» **What the task requires**: A word-for-word copy of the following listing is needed. Leave out its images.

BEGIN

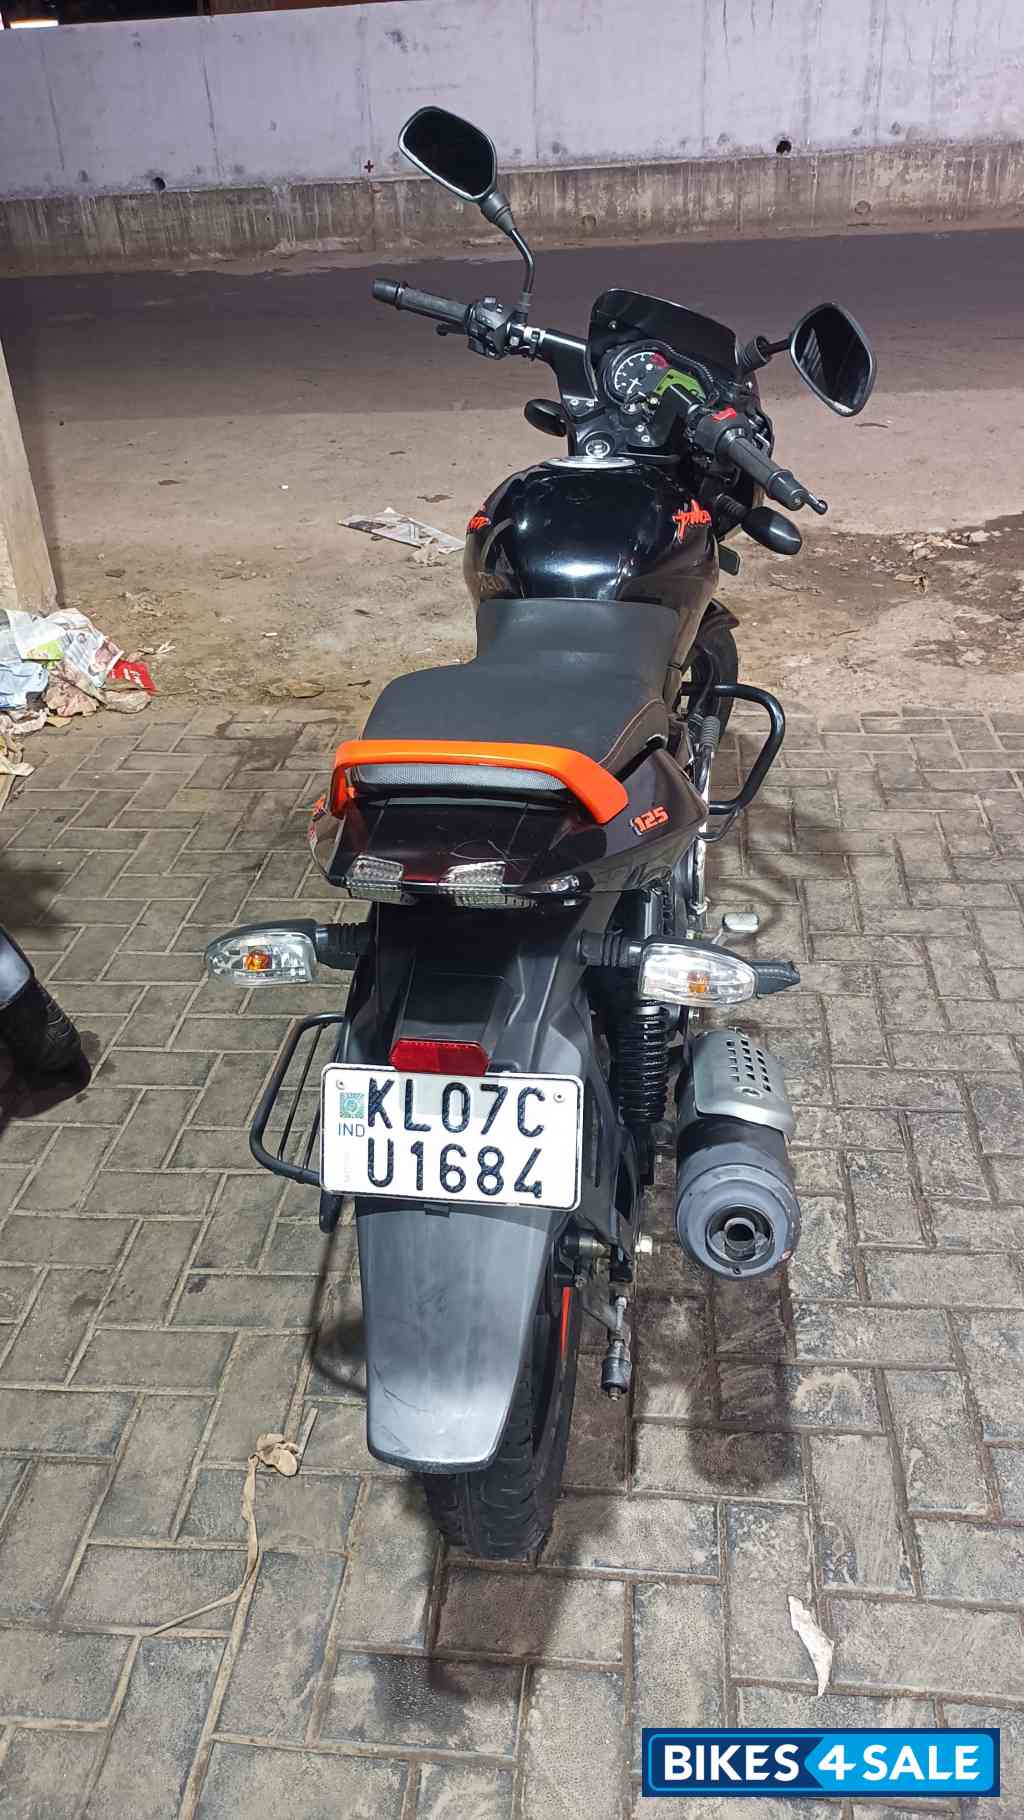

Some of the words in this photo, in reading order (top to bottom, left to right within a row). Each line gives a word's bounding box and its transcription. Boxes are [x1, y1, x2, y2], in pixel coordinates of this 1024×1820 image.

[634, 806, 668, 832] 125
[368, 1077, 545, 1137] KL07C
[338, 1122, 365, 1138] IND
[368, 1137, 542, 1198] U1684

END

» **Answer for this exercise**:
Some of the words in this photo, in reading order (top to bottom, left to right within a row). Each line gives a word's bounding box and its transcription. Boxes are [x1, y1, x2, y2], in pixel coordinates of this 1024×1820 image.

[634, 806, 668, 832] 125
[368, 1077, 545, 1137] KL07C
[338, 1122, 365, 1138] IND
[368, 1137, 542, 1198] U1684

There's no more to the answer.